A l'envers, à l'endroit

VME.
Trois lettres pour trois petits mots.
Version de Manoeuvre Externe.
Je t'en parlais il y a quelques jours ici. Le Locataire est en siège et j'ai rendez-vous pour tenter de le remettre dans le "droit chemin".
Voilà mon ressenti du moment, comment je l'ai vécu et surtout la finalité de la manoeuvre. A l'envers ou à l'endroit?



Il est 6 heures du matin ce 1er décembre lorsque le réveil me tire hors de mon lit. J'ai mal dormi. Et trop peu.

Petit-déjeuner rapide puis douche qui ne le sera pas moins. Mes affaires m'attendent depuis la veille. Je suis prête. Hormis ma tête qui a bien du mal à réagir, à s'allumer.

Mon petit sac de voyage à la main, je descend rejoindre l'arrêt de bus à quelques centaines de mètres de moi. 6h58: pour une fois il est à l'heure. Le ciel est complétement noir, sans une étoile et le soleil n'a pas l'air pressé de montrer ses premiers rayons matinaux. Je m'engouffre dans le bus, lui aussi dans le noir.
Mon esprit est raccord avec eux.

Quinze minutes plus tard, j'attend la correspondance qui me ménera à destination. Je tremble. Et pas seulement à cause des températures à peine positives de ce lundi.

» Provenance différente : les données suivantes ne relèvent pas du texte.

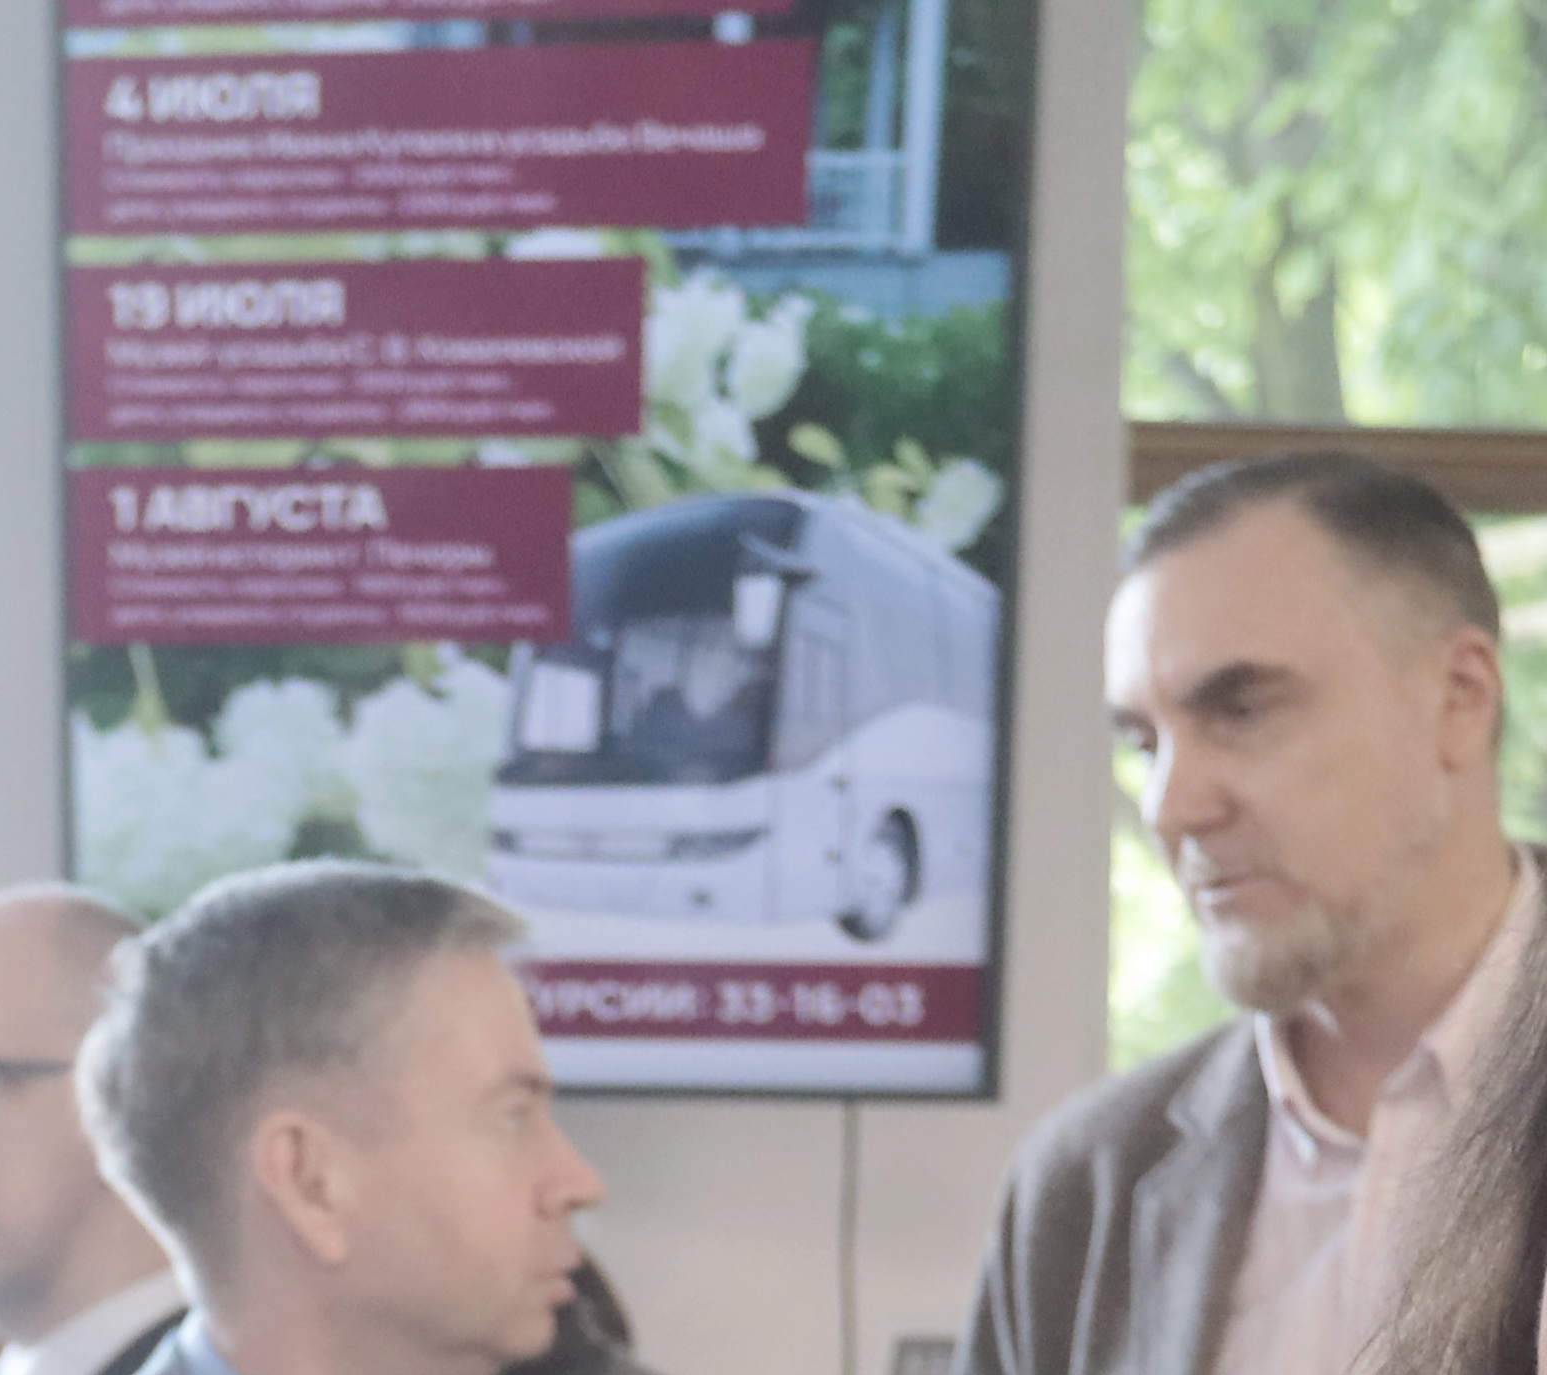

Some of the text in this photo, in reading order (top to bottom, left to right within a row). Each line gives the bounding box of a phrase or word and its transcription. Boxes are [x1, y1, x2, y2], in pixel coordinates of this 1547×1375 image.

[104, 71, 321, 123] 4 ИЮЛЯ
[110, 279, 345, 329] 19 ИЮЛЯ
[110, 483, 387, 531] 1 АВГУСТА
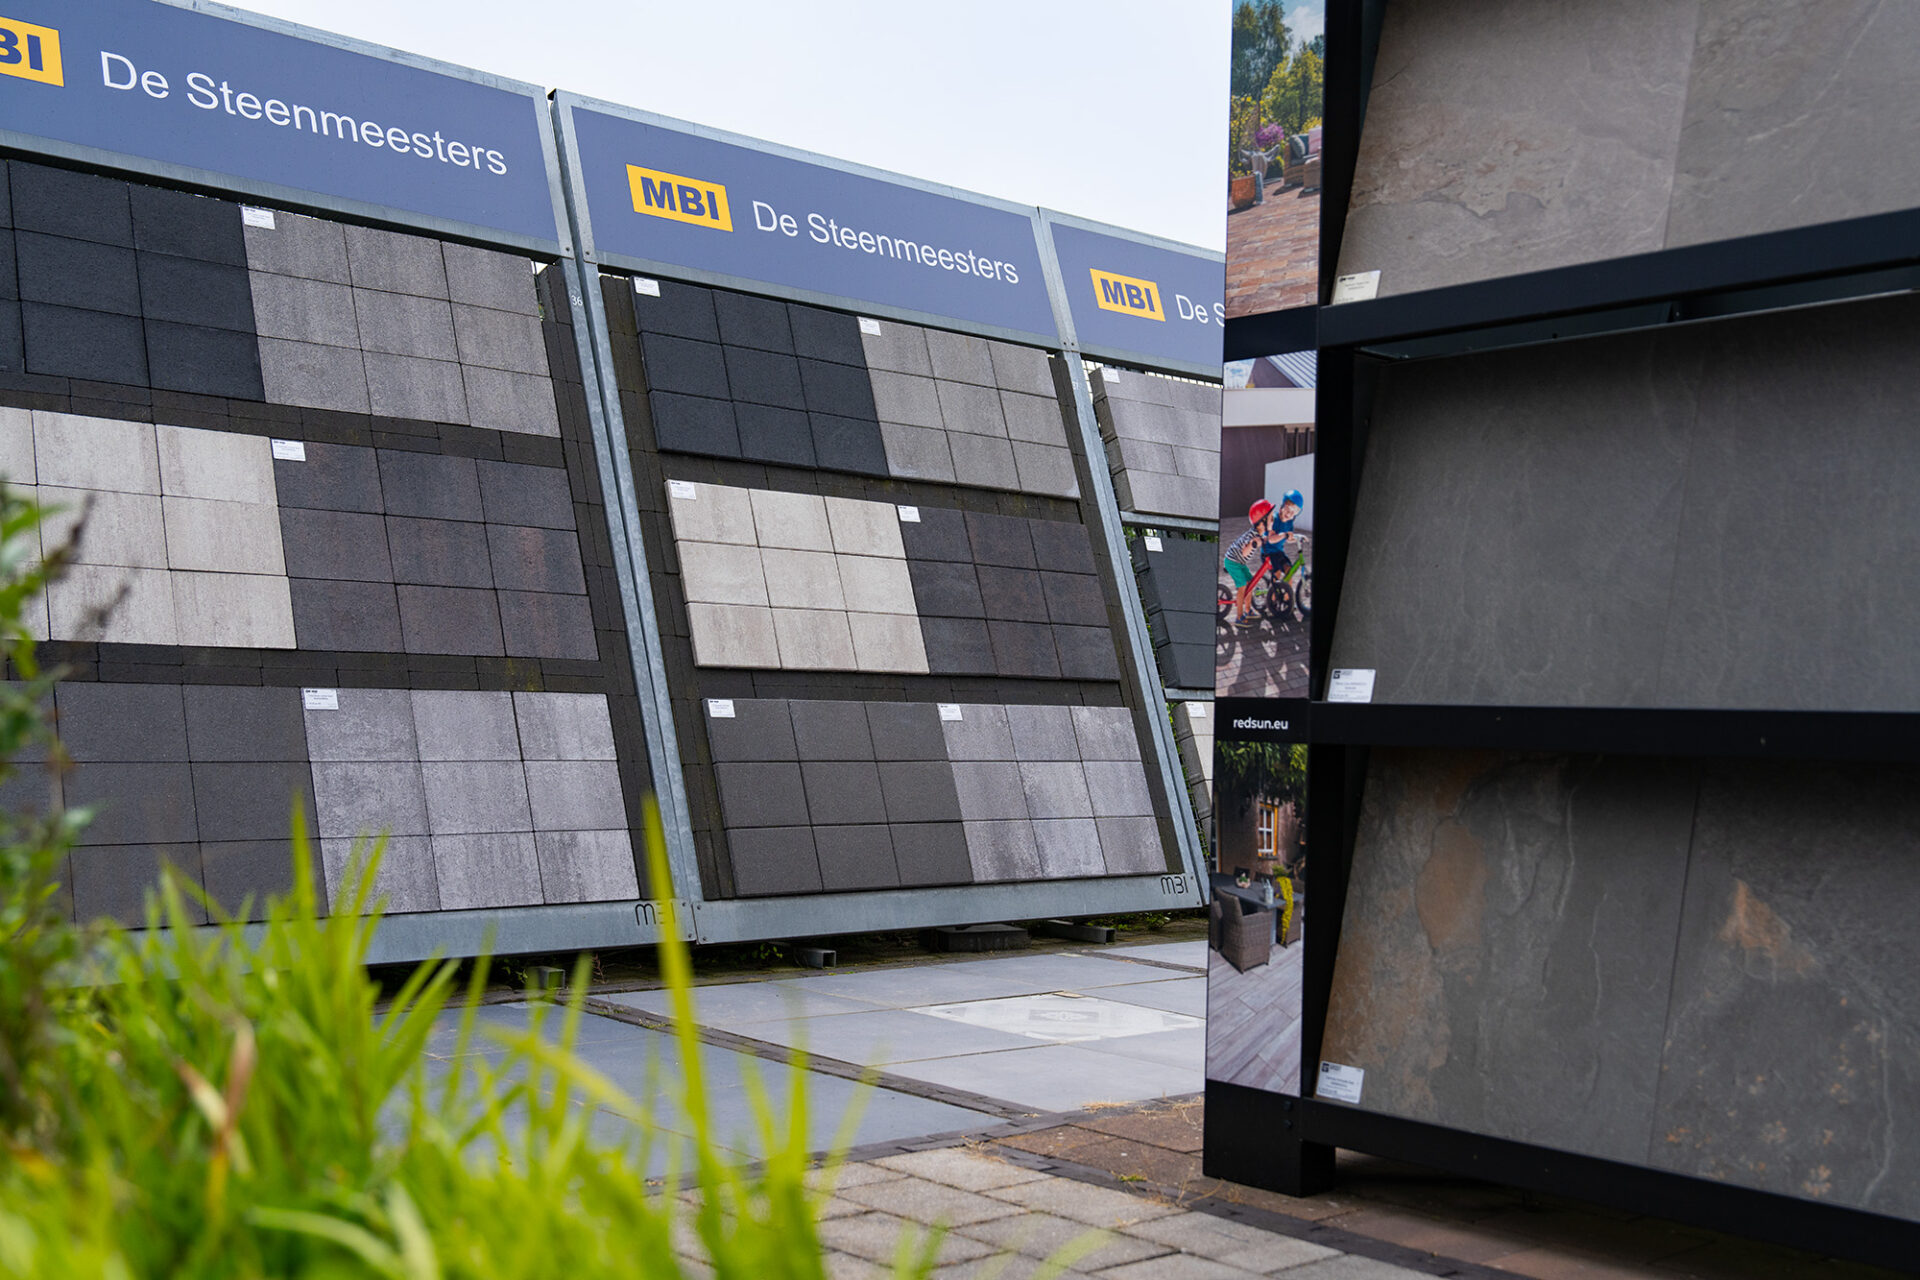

A cette heure-ci, le "bus-tramway" est déjà surchargé de jeunes étudiants mal réveillés et de travailleurs blasés. Tant bien que mal je réussis à me frayer un passage avec mon Locataire et même à pécho une place assise.
J'ai de la chance.

Les odeurs de parfum et de tabac froid se mélangent et me sont toujours aussi difficilement supportables, encore plus le matin, et l'air ambiant en est envahi. J'enfonce un peu plus mon visage dans mon écharpe pour tenter de les atténuer, tout en réprimant mes haut-le-coeur.
J'ai l'habitude.

Le trajet me semble durer des heures mais bientôt le bus crache des flots de voyageurs pressés pour m'y laisser seule - ou presque - en tête à tête avec mon Locataire, jusqu'au terminus: maternité.

Il est 7h37 lorsqu'il me débarque. J'ai rendez-vous à 8h00.
Je profite de quelques minutes pour respirer l'air frais, après mon séjour en boite de conserve. Je me sens mieux.

Je me présente à l'Hôpital de jour comme indiqué sur ma convocation, surprenant 3 sages-femmes devant ce qui n'est certainement pas leur première tasse de café du matin. Elles m'accueillent pourtant avec le sourire, me demandant de patienter à côté. Je leur accorde bien volontiers cette pause, je suis loin d'être pressée.
J'en profite pour, à nouveau, rassurer Le Locataire - au même titre que moi - sur la manipulation dont il va être l'objet, à grands coups de "ça va bien se passer", "on va un peu t'embêter mais ça ne sera pas long" ou de "on va être courageux tous les deux".
Je ne me trouve pas bien convaincante mais je m'en persuade. Pour lui. pour nous deux.

Plus tard, une des sages-femmes me rejoint. Elle me met immédiatement à l'aise.
Il faut dire que l'on porte le même prénom et qu'en plus, nous sommes originaires du même endroit! On parle de tout autre chose pendant quelques minutes, je me décrispe un peu.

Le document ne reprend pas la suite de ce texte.